Carmel

1er Mars 1895 – Saintes

 

MA RÉVÉRENDE ET TRÈS HONORÉE MÈRE,

Paix et très humble salut en Notre-Seigneur Jésus-Christ !

C'est au cours des jours bénis où, prosternées au pied de l'Hostie pacifique, nous nous efforcions de Lui offrir nos hommages d'adoration, d'expiation et d'amour en réparation des folies du monde, qu'il a plu à l'Agneau, toujours vivant et toujours immolé, de se choisir parmi nous une nouvelle victime.

Il y a sept mois, jour par jour, c'était une de nos plus jeunes et de nos plus robustes soeurs qui s'envolait vers la Patrie ; aujourd'hui, nous venons réclamer les suffrages de notre Saint Ordre pour une des pierres fondamentales dé notre humble Carmel, notre vénérée et bien-aimée doyenne, ma soeur Octavie-Marie de la Croix, première professe de notre Communauté. Elle avait 75 ans, 7 mois, 11 jours d'âge et de religion 39 ans et 2 mois.

Il nous serait doux et consolant, ma Révérende Mère, de vous donner les détails de cette vie parfaitement religieuse dont l'esprit de foi formait la base, et qui s'écoula tout entière dans la prière, l'humilité, la droiture ; mais nous croyons devoir répondre au désir de celle que nous entourions avec tant d'amour de toute notre vénération, car ce désir, fruit de son humilité profonde, couronne dignement une vie toute cachée en Dieu avec Notre-Seigneur Jésus-Christ.

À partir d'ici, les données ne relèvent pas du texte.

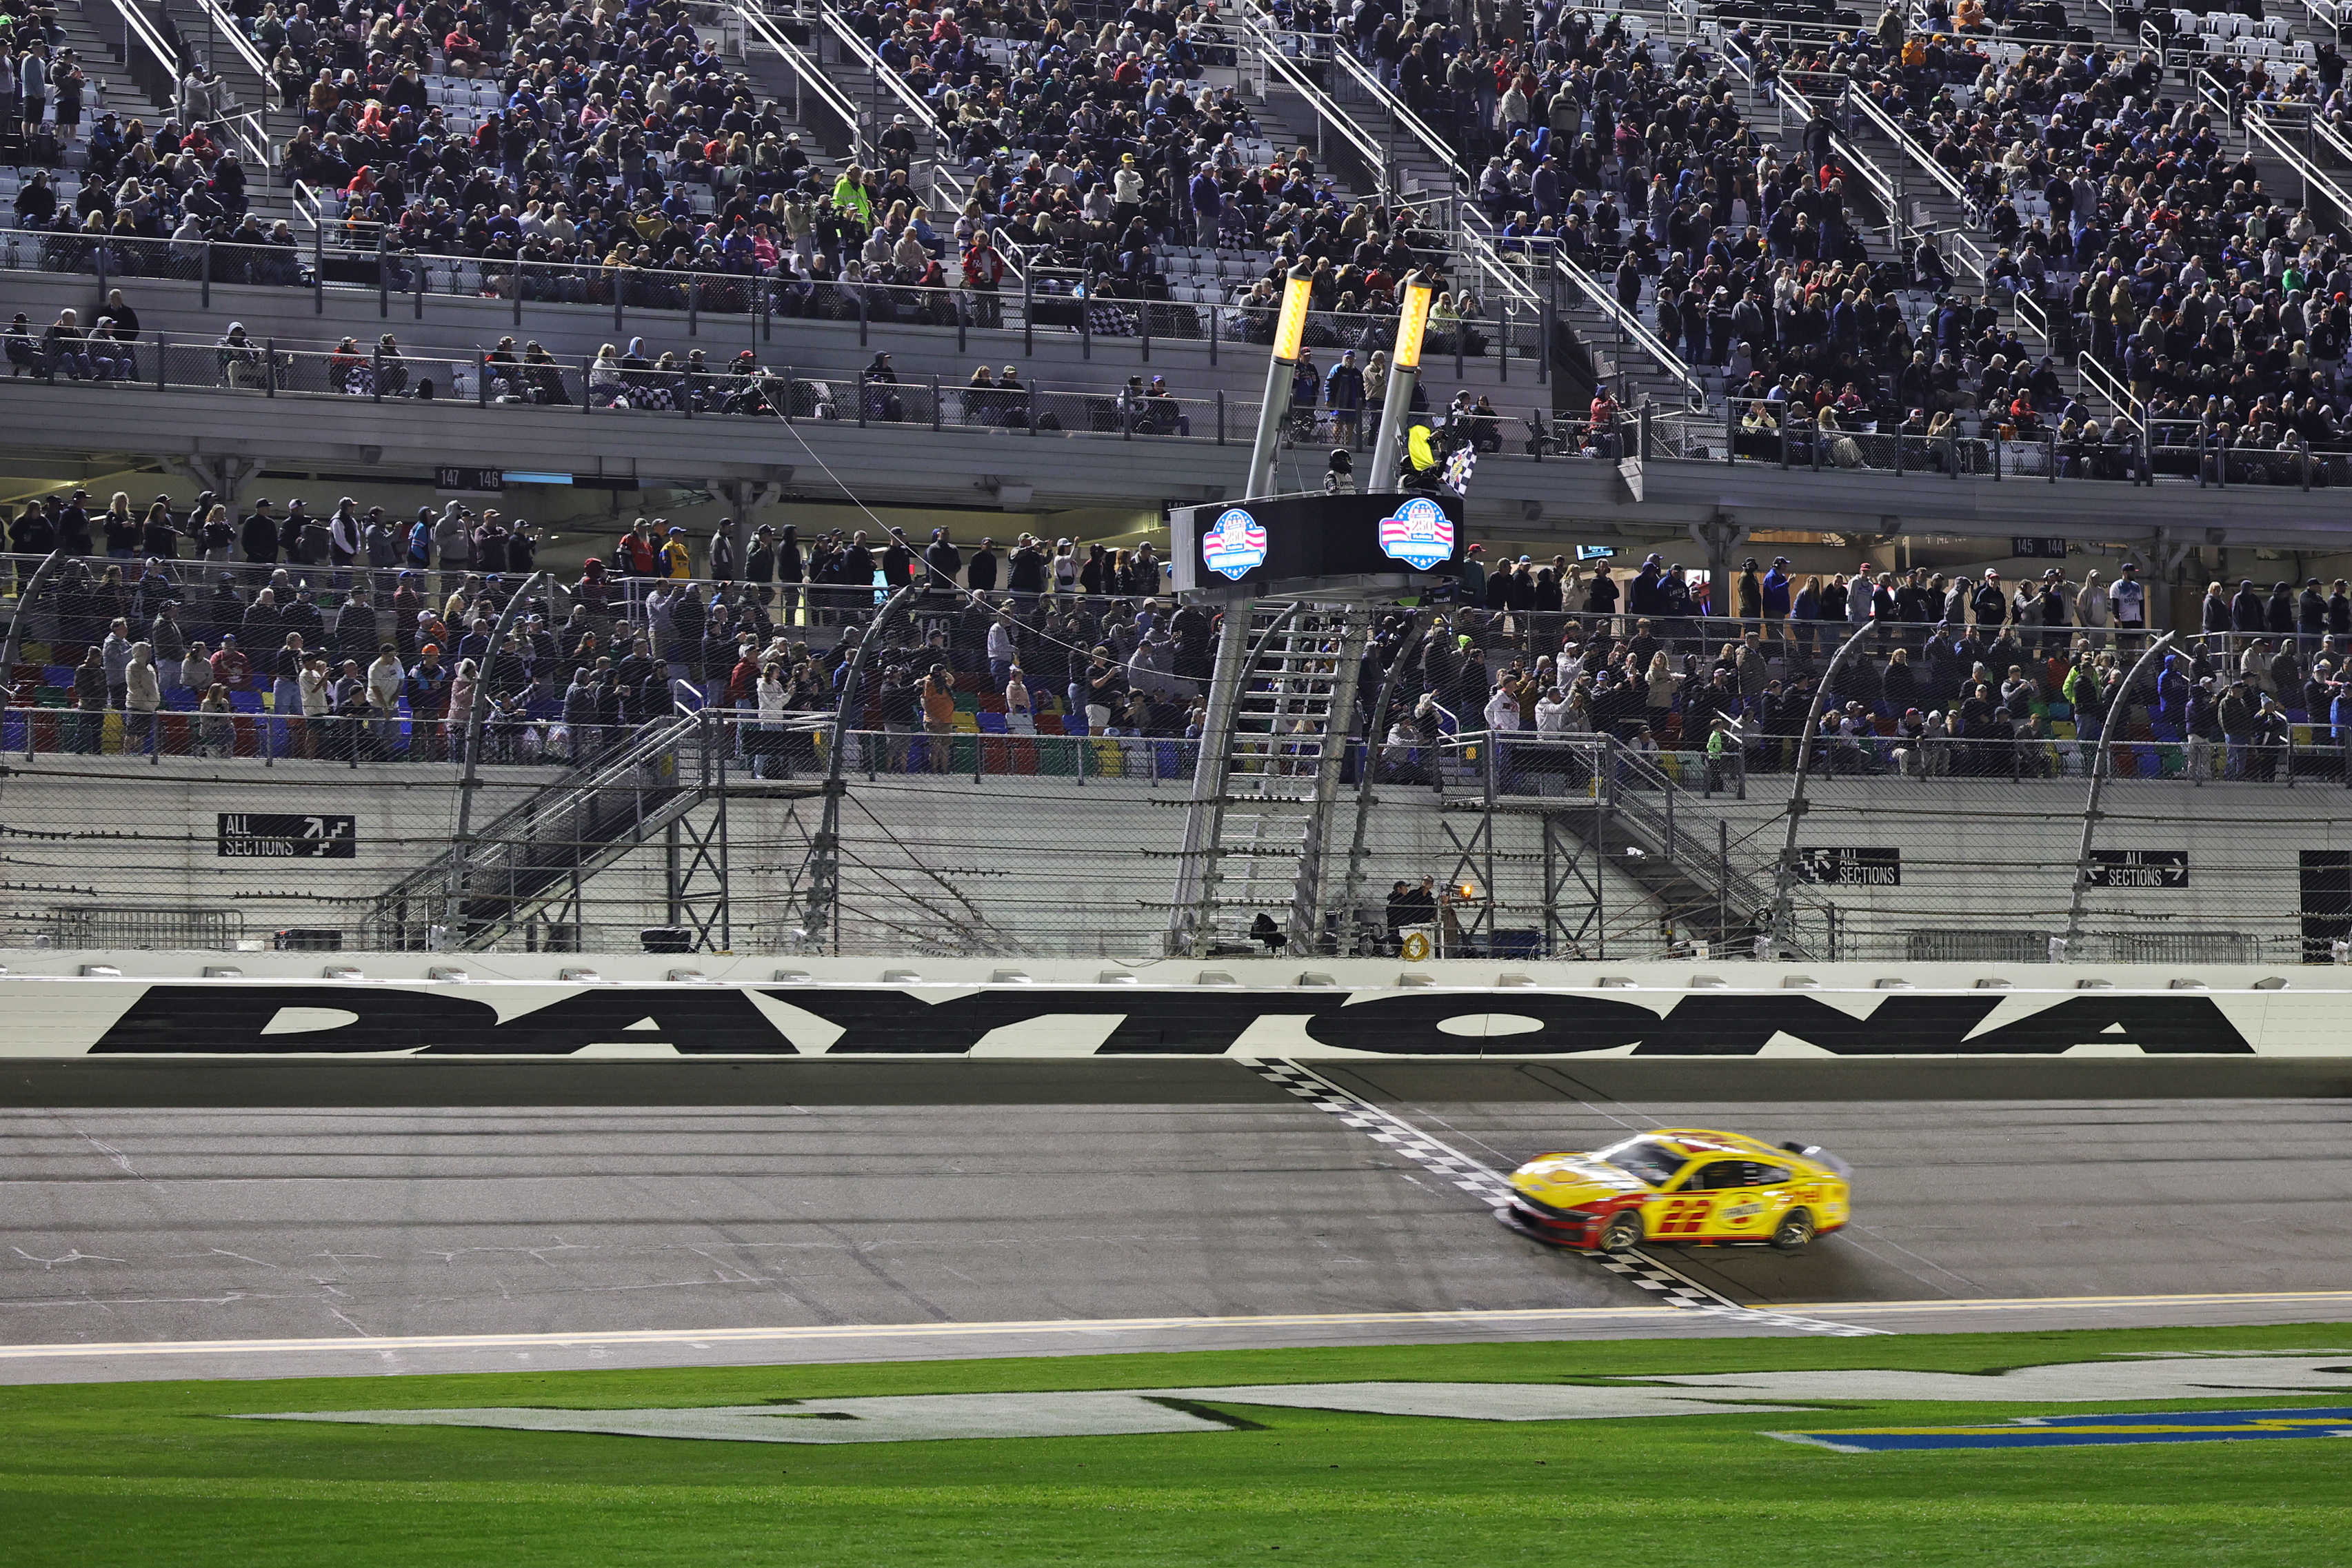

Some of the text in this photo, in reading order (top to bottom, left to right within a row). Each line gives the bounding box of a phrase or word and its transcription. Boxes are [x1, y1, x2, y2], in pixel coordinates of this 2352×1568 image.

[441, 469, 499, 488] 147 146
[1411, 519, 1433, 532] 250
[1226, 530, 1244, 543] 250
[2017, 539, 2063, 554] 145 144
[225, 814, 251, 834] ALL
[225, 835, 294, 856] SECTIONS
[1840, 848, 1860, 865] ALL
[2126, 851, 2142, 867] ALL
[1839, 866, 1895, 885] SECTIONS
[2109, 868, 2162, 887] SECTIONS
[87, 985, 2256, 1056] DAYTONA
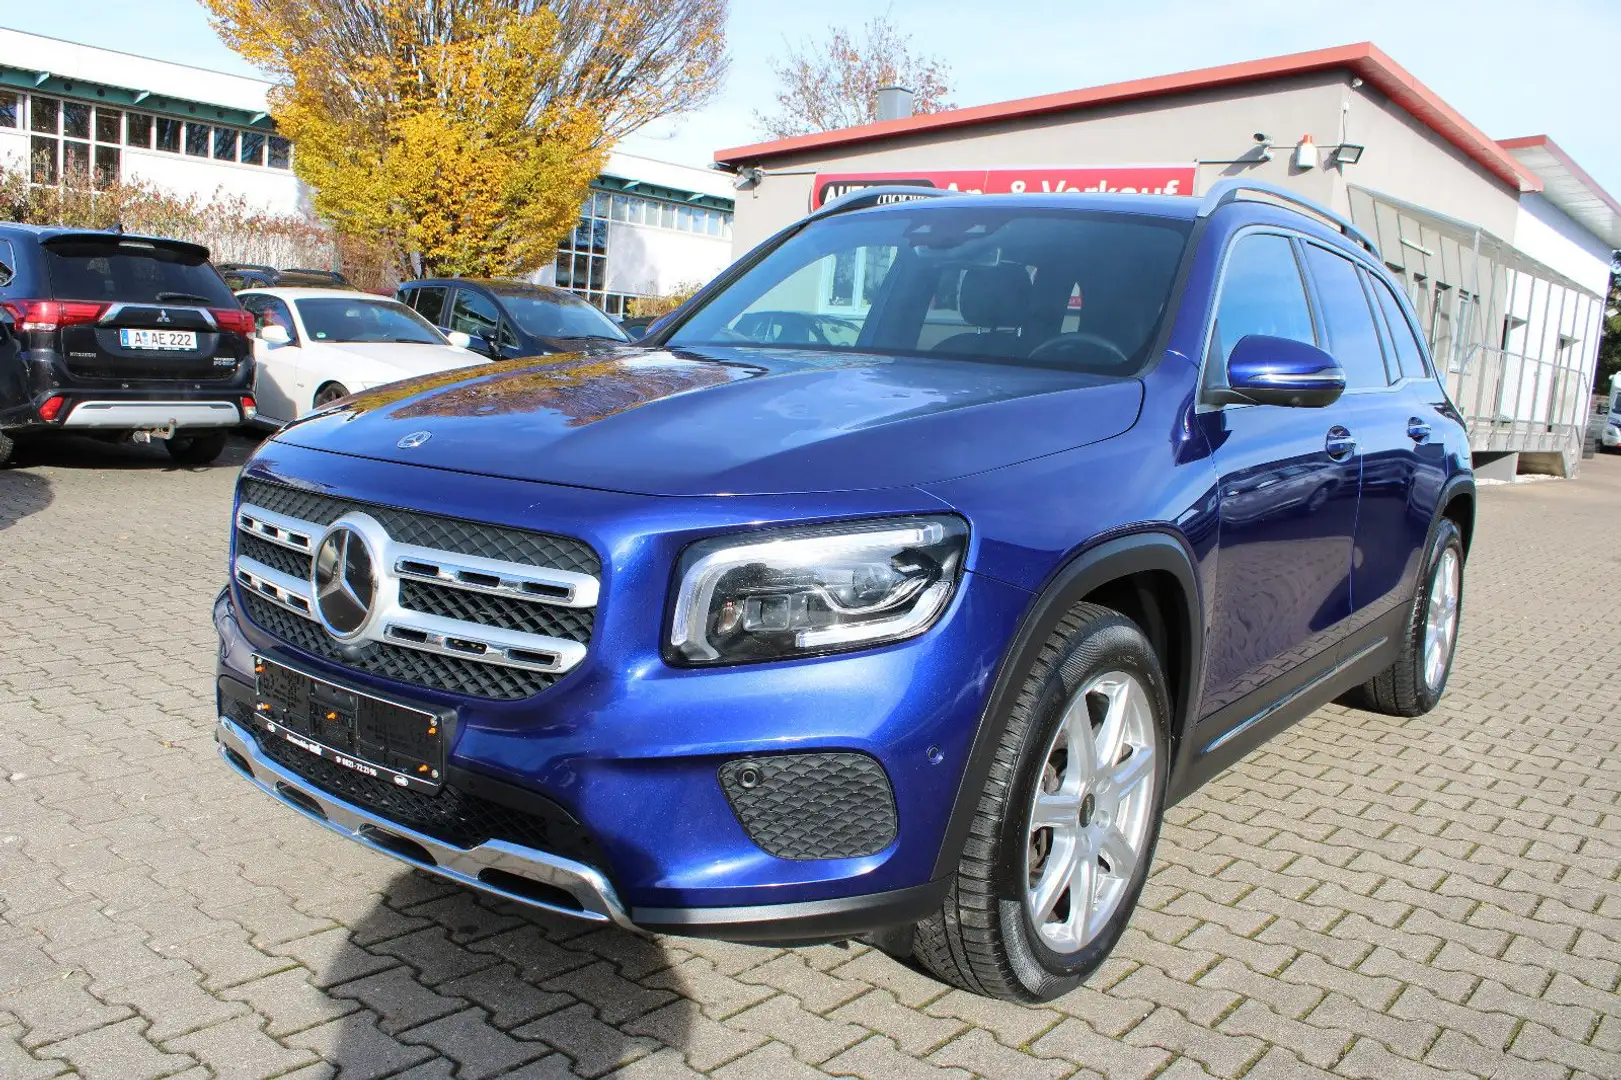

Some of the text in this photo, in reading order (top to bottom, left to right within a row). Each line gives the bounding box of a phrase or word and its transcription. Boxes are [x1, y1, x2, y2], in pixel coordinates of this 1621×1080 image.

[824, 186, 873, 205] AU
[135, 332, 191, 346] A AE 222
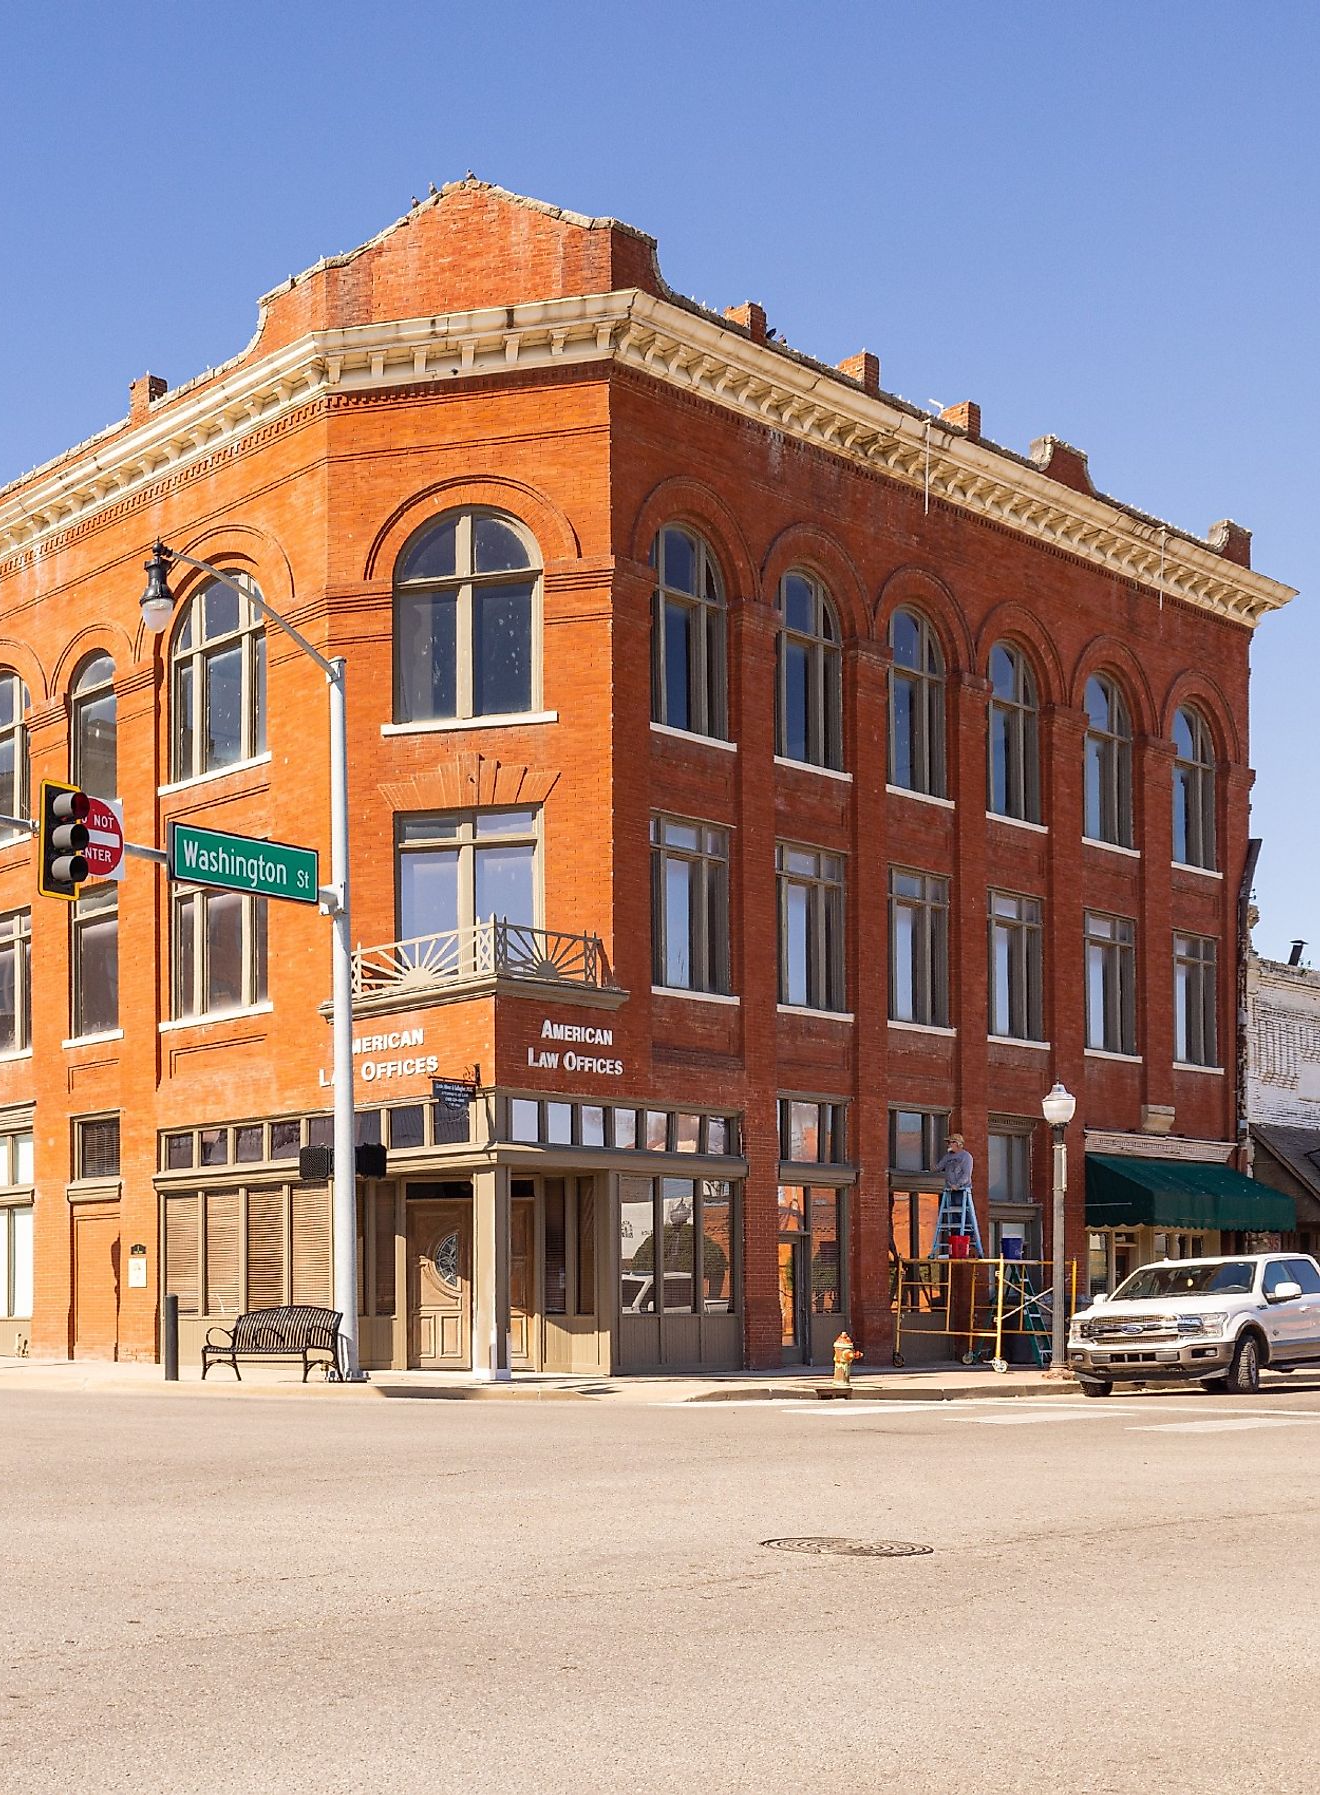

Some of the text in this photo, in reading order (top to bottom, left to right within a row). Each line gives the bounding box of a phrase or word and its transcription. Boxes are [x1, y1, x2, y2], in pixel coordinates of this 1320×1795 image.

Permettez-nous, ma digne Mère, de vous transcrire ici l'expression de son humble demande :

« Je prie notre Révérende Mère, qui sera en charge quand je mourrai, de « ne me faire de circulaire que pour demander les suffrages de notre Saint Ordre ; n'ayant rien à dire de moi, je la supplie de ne pas me refuser cette grâce.

« Dans l'impossibilité de parler où je pourrais me trouver au moment de la mort, je supplie mes bien-aimées Mères et Soeurs de vouloir bien me pardonner tous les sujets de peines que je leur ai donnés par mes mauvais exemples, mon orgueil, mon mauvais caractère, mon peu de douceur et de chanté.

Je les supplie de prier beaucoup pour moi et je leur promets, en retour, si le Bon Dieu me fait miséricorde, comme je l'espère, de bien prier pour toutes. »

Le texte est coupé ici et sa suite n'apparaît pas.